Ghanaian President Nana Akufo Addo has called on the investor community to support the roll-out of Africa’s lucrative agro-industry.

 

He also called on the community to see agribusiness in Africa, as more of an opportunity, rather than the perceived, exaggerated risk.

 

The President of Ghana made the call at the ongoing UN General Assembly in New York.

 

Akufo-Addo told the world leaders that “Africa is ready for business. Africa needs you and you need Africa.

 

“You need Africa because Africa is busily building the world’s largest single market of 1.3 billion people.”

 

He went on to add that Africa is the new frontier for manufacturing, technology, for food production.

 

President Akufo-Addo’s address to the Assembly’s 77th annual high-level debate centered largely on the issue of global economic challenges and the need for performative solutions for the African economies.

 

He said it was doubtful that any generation of Earth’s inhabitants had ever witnessed “such a perfect storm of global economic chaos, a war with global consequences, and an unwillingness or inability to find a consensus to deal with the catastrophe.

 

Recalling that COVID-19 had pushed Africa into the worst recession for half a century, he said: “The World Bank observed, last Thursday, that the global economy was enduring its steepest slowdown since 1970.

 

Two years ago, our world came to a thundering halt, as we cowered from a health pandemic from an unknown, malicious virus, coupled with a devastating global economic pandemic. High budget deficits were no longer a concern of only developing nations.”

 

Referring to Russia’s invasion of Ukraine, which aggravated an already difficult situation, he added, “Every bullet, every bomb, every shell that hits a target in Ukraine, hits our pockets and our economies in Africa.”

 

Several African countries had inflation rates surging three to four times higher than what they were just two years ago.

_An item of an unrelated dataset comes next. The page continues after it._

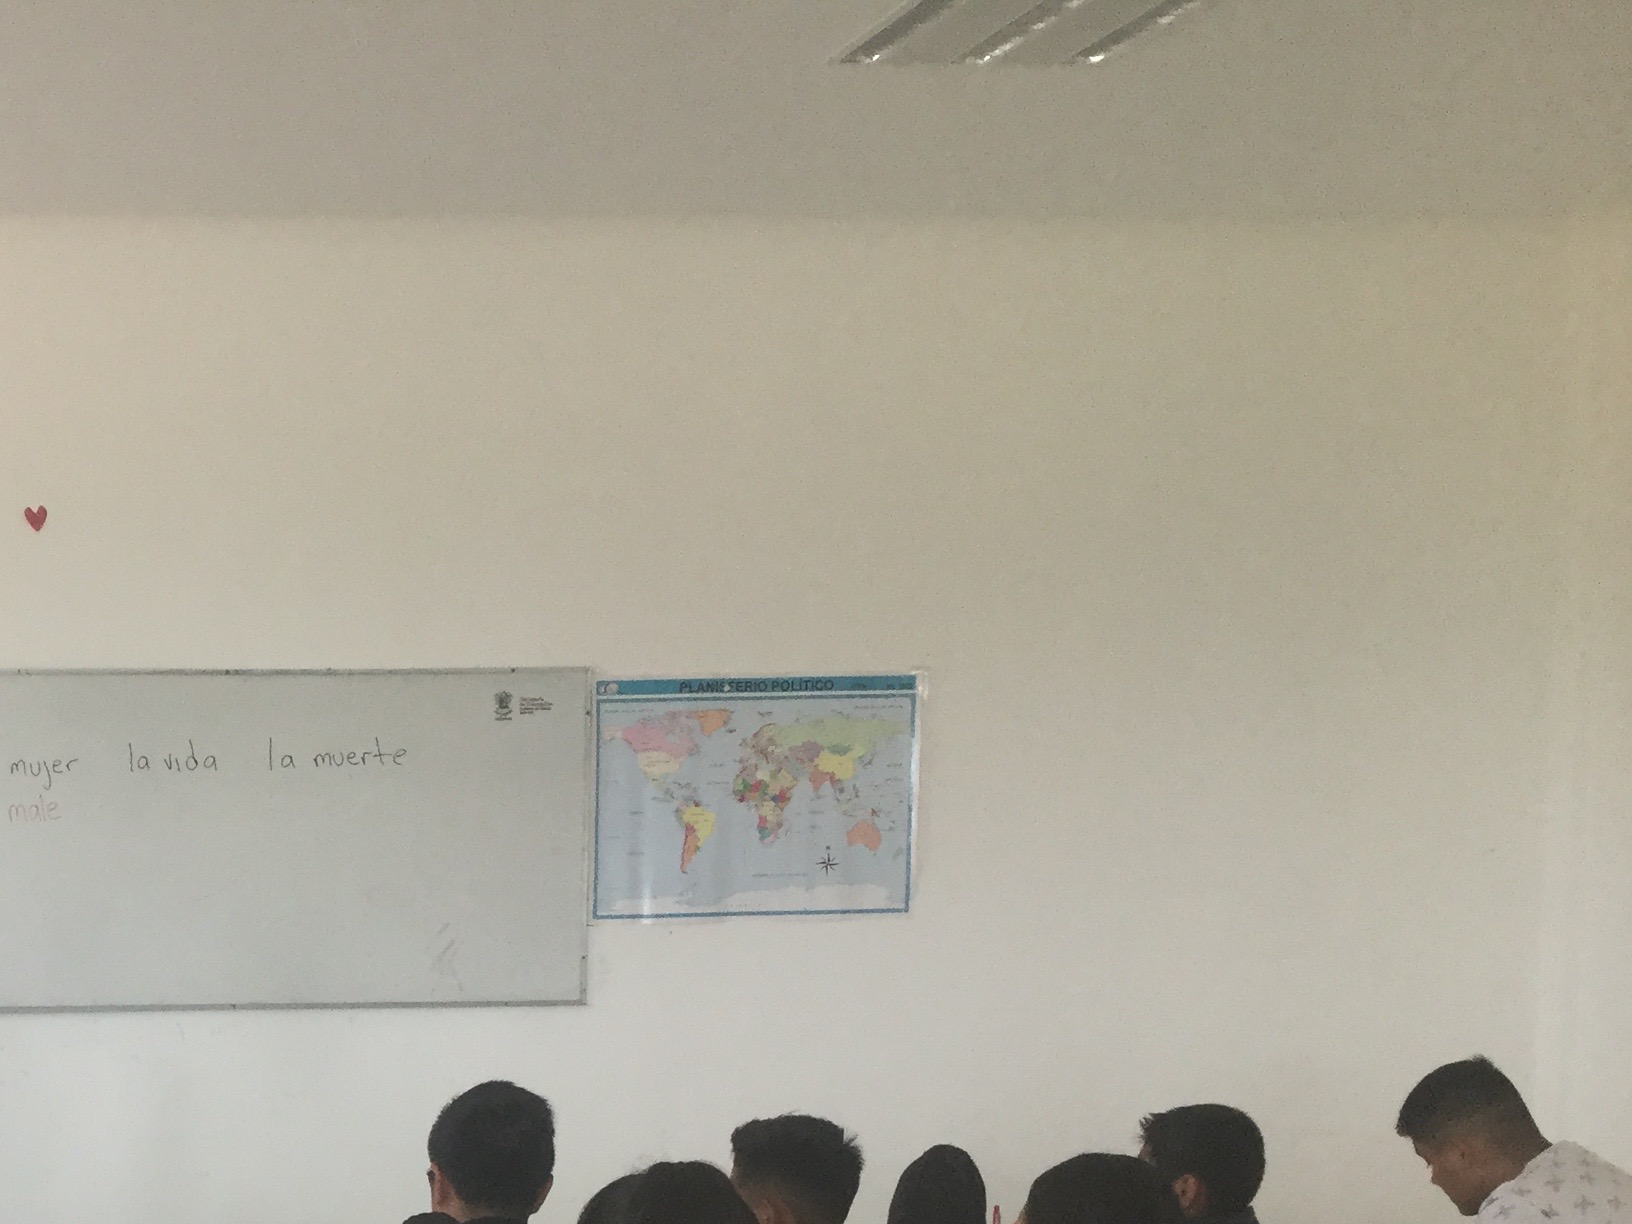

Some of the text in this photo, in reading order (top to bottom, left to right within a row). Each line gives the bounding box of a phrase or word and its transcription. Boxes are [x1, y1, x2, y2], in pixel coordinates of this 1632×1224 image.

Ghana was experiencing the highest inflation for 21 years, he stated.

 

President Akufo-Addo highlighted that the international financial architecture was skewed significantly against developing and emerging economies like Ghana.

 

He noted that “the tag of Africa as an investment risk is little more than, in substance, a self-fulfilling prophecy created by the prejudice of the international money market, which denies us access to cheaper borrowing, pushing us deeper into debts”, thus underscoring the necessity for reform of the system.

 

The Ghanaian President stated: “We do not have the luxury of being able to pick and choose which big problem to solve.

 

“None of them can wait; the economic turbulence requires urgent and immediate solution; the turmoil and insecurity in many parts of the world require urgent attention; and so does the need to tackle the problems posed by climate change.”

 

He also referred to the security situation in the area of the Economic Community of West African States (ECOWAS) and expressed disappointment over the fact that all of Ghana’s neighbors had suffered terrorist attacks, and some have lost territorial space to the invading forces.

 

At the same time, he determined to reverse these unfortunate developments.

 

Remembering Ghana’s first President, Kwame Nkrumah, who would have been 113 years old today, he recalled the driving force of De Nkrumah’s political career, which was to contribute to the birth of a united Africa or a ‘United States of Africa’.